> How to complete this task: If an entry holds a picture, drop the picture but restate the entry word for word.

> Records shown:
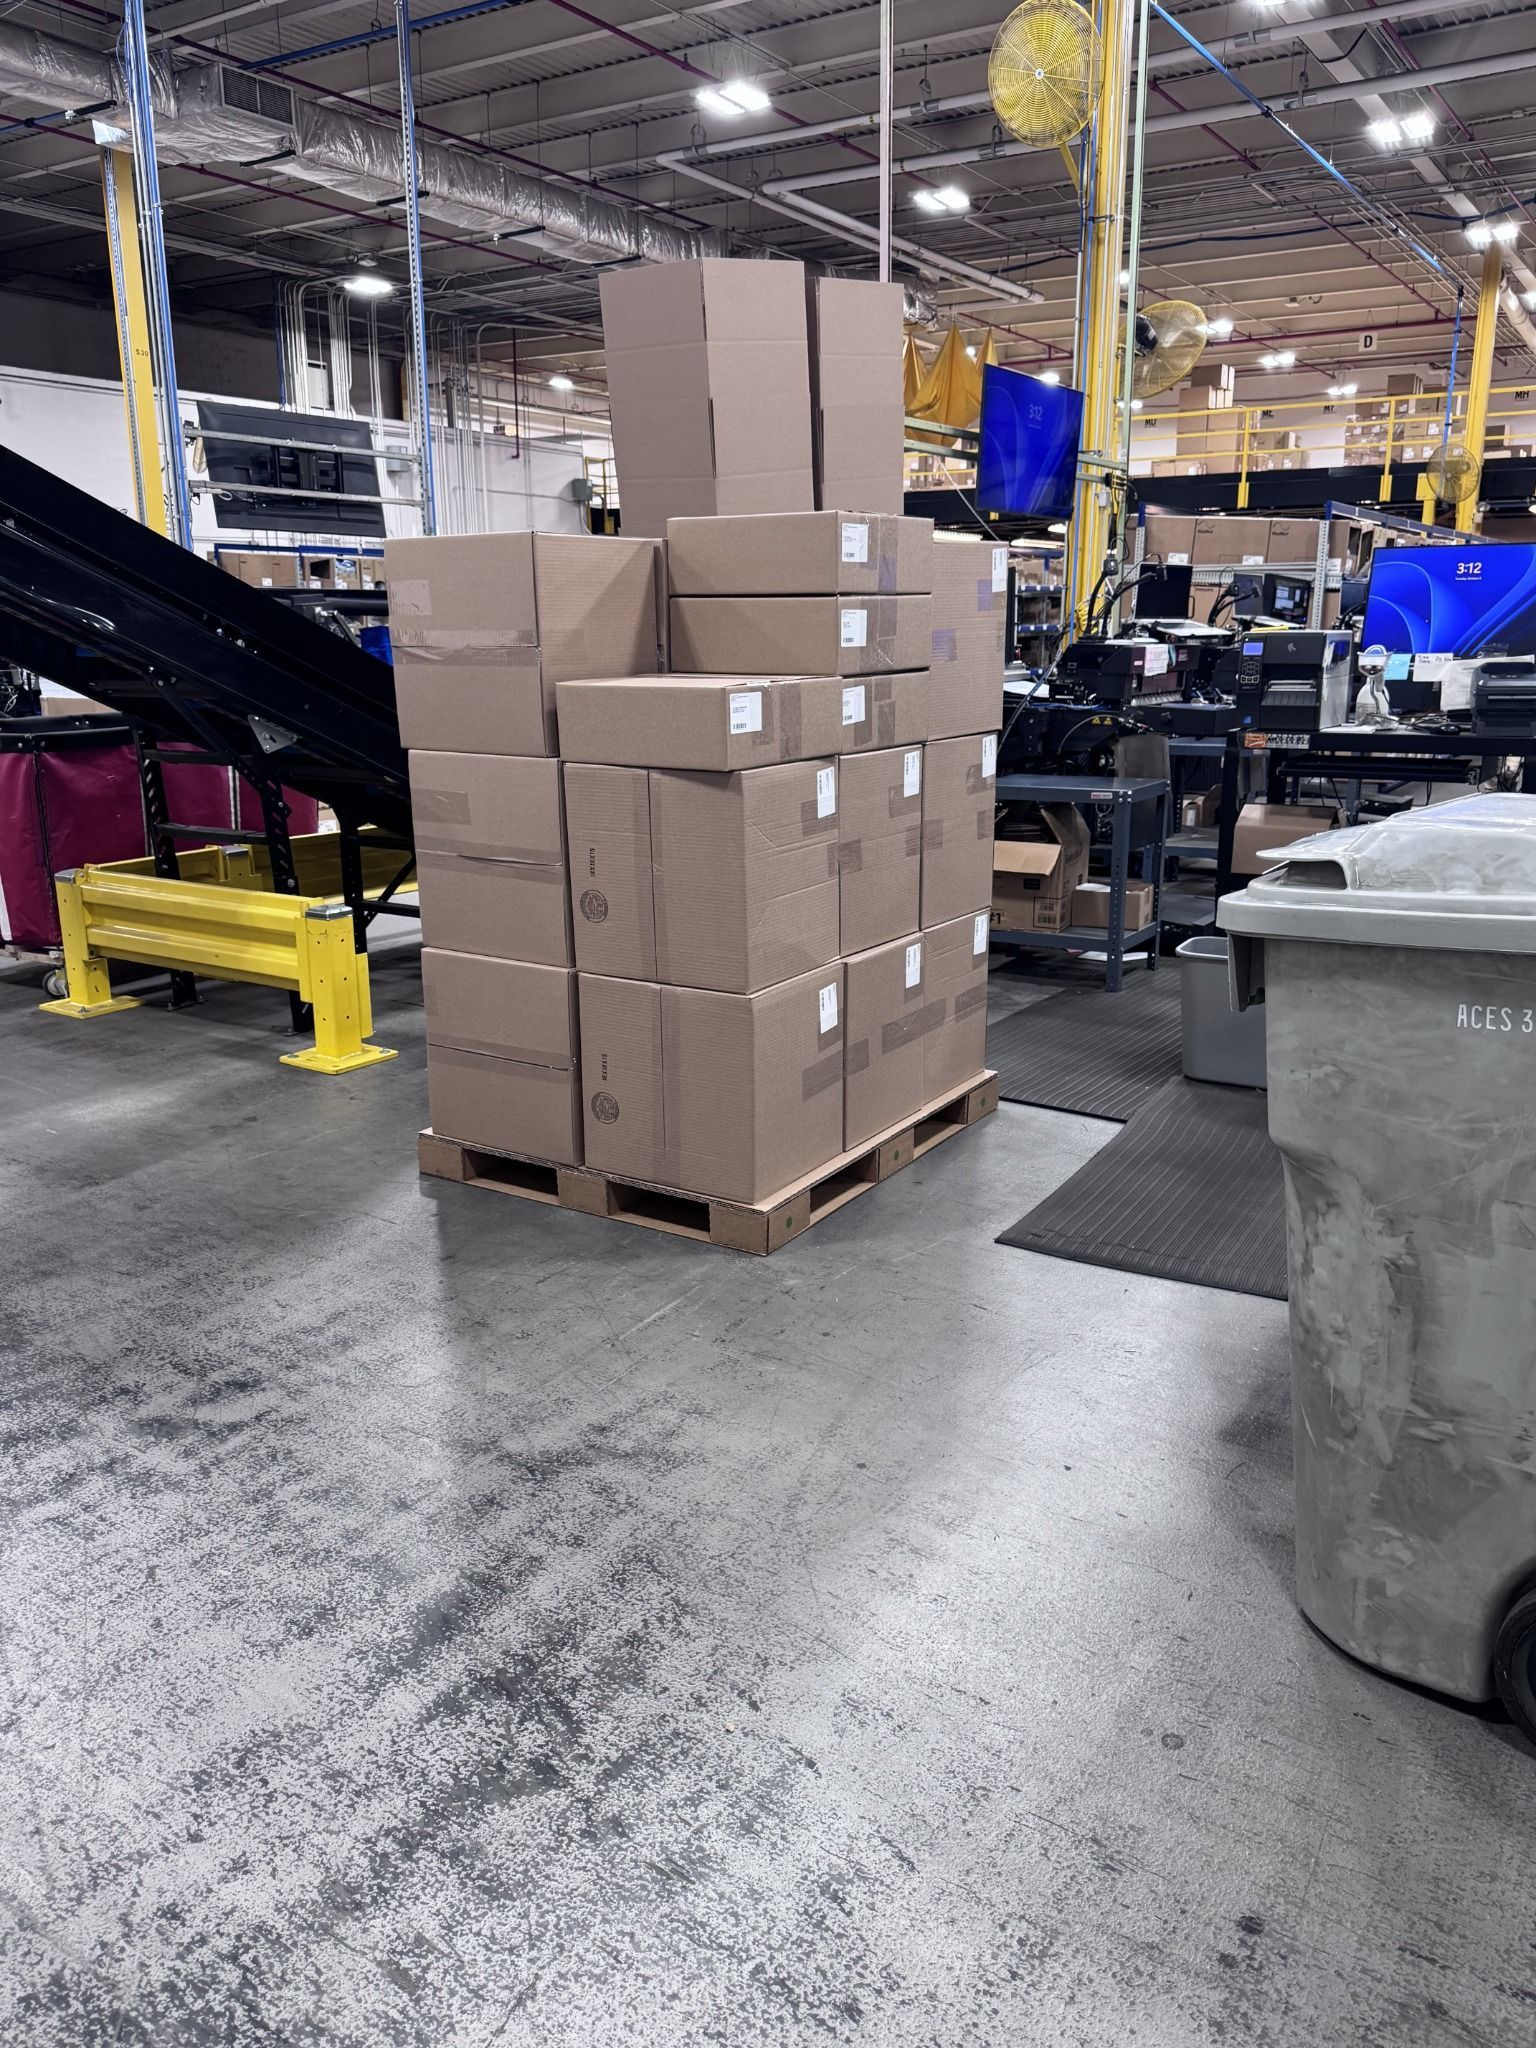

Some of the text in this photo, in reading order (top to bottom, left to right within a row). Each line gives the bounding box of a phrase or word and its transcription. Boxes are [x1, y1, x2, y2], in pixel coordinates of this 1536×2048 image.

[1363, 335, 1373, 349] D
[1456, 562, 1482, 575] 3:12
[1456, 1004, 1513, 1032] ACES
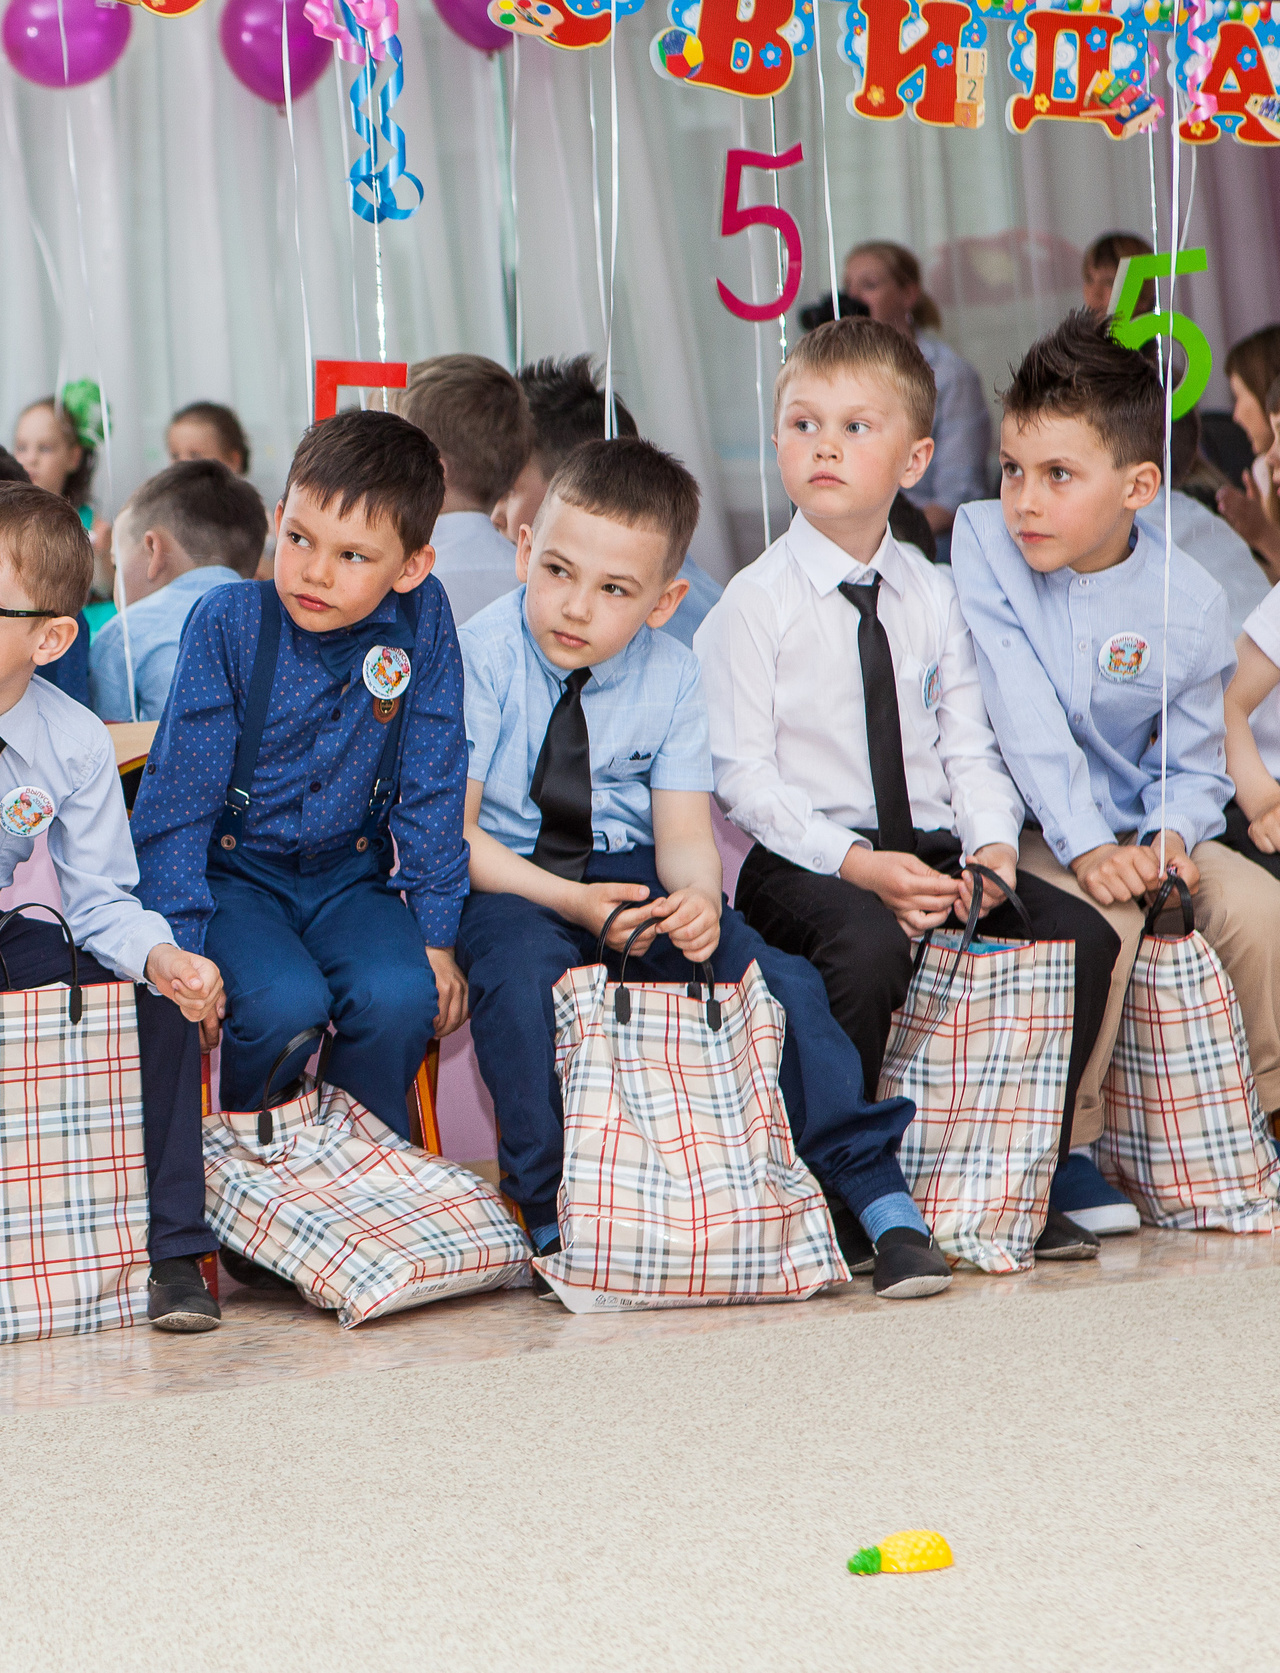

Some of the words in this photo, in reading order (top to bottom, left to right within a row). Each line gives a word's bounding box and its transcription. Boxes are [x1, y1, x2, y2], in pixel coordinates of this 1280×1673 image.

[522, 0, 1280, 146] ВИДА
[716, 142, 804, 323] 5
[1109, 247, 1214, 423] 5
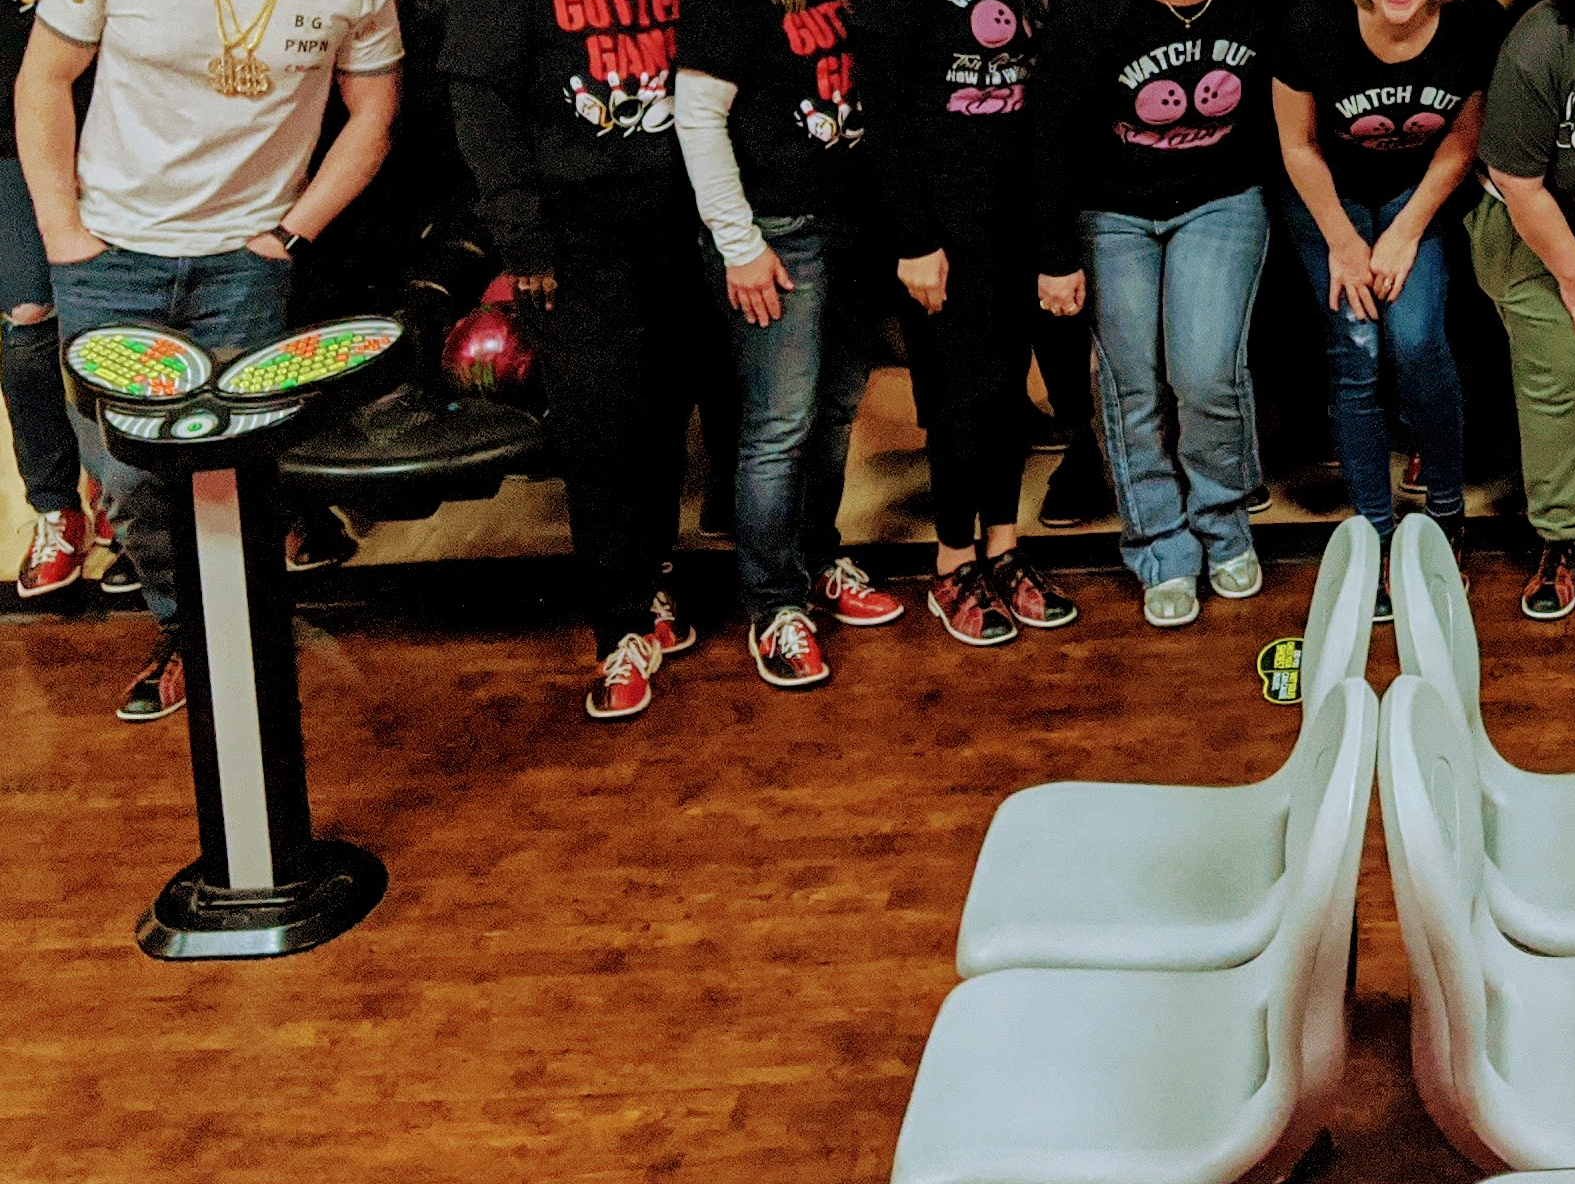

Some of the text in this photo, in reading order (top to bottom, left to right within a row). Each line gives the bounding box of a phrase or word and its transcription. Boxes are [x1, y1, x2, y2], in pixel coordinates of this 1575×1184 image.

[1118, 39, 1256, 89] WATCH OUT
[1335, 85, 1462, 119] WATCH OUT

> Answer:
Some of the text in this photo, in reading order (top to bottom, left to right within a row). Each line gives the bounding box of a phrase or word and its transcription. Boxes are [x1, y1, x2, y2], in pixel coordinates of this 1536×2048 image.

[1363, 335, 1373, 349] D
[1456, 562, 1482, 575] 3:12
[1456, 1004, 1513, 1032] ACES

Some of the words in this photo, in reading order (top to bottom, left to right within a row). Each line gives a word's bounding box and its transcription. Boxes are [x1, y1, x2, y2], in pixel coordinates of this 1280×1673 image.

[522, 0, 1280, 146] ВИДА
[716, 142, 804, 323] 5
[1109, 247, 1214, 423] 5

Some of the text in this photo, in reading order (top to bottom, left to right within a row). Each line gives the bounding box of a phrase or word and its transcription. Boxes are [x1, y1, x2, y2], in pixel coordinates of this 1575×1184 image.

[1118, 39, 1256, 89] WATCH OUT
[1335, 85, 1462, 119] WATCH OUT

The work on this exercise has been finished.